L’ACAM est donc un organisme qui chapeaute les assurances et les mutuelles comme l’indique son nom : l’Autorité de Contrôle des Assurances et Mutuelles.

Il existe depuis 2003, mais son rôle a évolué il y a peu puisque son nom et sa fonction ont changé. En effet, l’ACAM est devenu l’ACPR et contrôle actuellement le secteur bancaire également.

Son rôle premier est un rôle d’utilité public et de service public.

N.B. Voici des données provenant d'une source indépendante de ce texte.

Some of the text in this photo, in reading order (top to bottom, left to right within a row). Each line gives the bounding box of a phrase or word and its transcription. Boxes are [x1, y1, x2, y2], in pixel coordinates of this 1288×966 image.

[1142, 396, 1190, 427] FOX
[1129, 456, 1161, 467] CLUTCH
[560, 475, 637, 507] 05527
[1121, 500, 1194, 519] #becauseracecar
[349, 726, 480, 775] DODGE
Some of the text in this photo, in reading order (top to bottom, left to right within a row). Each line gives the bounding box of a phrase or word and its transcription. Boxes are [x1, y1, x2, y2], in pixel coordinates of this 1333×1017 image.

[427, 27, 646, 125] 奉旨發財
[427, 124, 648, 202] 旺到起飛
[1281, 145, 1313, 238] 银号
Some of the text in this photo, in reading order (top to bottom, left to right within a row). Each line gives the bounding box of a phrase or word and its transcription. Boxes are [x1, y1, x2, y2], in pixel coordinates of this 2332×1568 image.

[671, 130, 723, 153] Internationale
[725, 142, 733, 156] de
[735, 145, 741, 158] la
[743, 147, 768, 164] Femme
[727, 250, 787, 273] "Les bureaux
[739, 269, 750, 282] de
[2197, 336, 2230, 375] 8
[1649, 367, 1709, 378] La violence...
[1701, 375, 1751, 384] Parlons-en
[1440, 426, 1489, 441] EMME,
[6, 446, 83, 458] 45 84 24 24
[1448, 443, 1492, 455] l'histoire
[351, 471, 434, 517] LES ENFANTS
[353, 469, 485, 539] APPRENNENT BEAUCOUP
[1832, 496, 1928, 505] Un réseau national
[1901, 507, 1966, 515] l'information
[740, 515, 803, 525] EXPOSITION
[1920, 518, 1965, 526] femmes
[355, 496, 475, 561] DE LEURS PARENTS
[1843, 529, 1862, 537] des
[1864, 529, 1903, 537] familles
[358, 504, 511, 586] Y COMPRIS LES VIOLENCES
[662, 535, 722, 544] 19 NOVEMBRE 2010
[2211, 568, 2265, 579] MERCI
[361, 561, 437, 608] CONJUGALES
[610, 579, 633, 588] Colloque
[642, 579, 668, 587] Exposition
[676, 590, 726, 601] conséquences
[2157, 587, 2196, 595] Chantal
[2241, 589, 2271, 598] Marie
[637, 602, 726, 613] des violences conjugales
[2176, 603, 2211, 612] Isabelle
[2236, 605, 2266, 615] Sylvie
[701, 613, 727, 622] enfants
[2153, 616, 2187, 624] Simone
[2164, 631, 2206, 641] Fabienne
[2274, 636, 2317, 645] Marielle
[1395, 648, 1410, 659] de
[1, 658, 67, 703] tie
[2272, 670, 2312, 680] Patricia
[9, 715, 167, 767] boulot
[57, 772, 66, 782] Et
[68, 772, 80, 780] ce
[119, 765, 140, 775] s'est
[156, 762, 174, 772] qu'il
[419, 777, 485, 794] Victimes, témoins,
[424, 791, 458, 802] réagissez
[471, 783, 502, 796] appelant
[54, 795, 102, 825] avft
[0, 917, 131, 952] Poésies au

Il permet de protéger les assurés et toutes les personnes qui souscrivent une assurance (c’est-à-dire tout le monde, tous les Français) contre les éventuels abus. En effet, au moindre litige entre un assuré et son assurance, le souscripteur peut faire appel à l’ACAM pour trancher. Néanmoins, son existence et son rôle son très méconnu du public.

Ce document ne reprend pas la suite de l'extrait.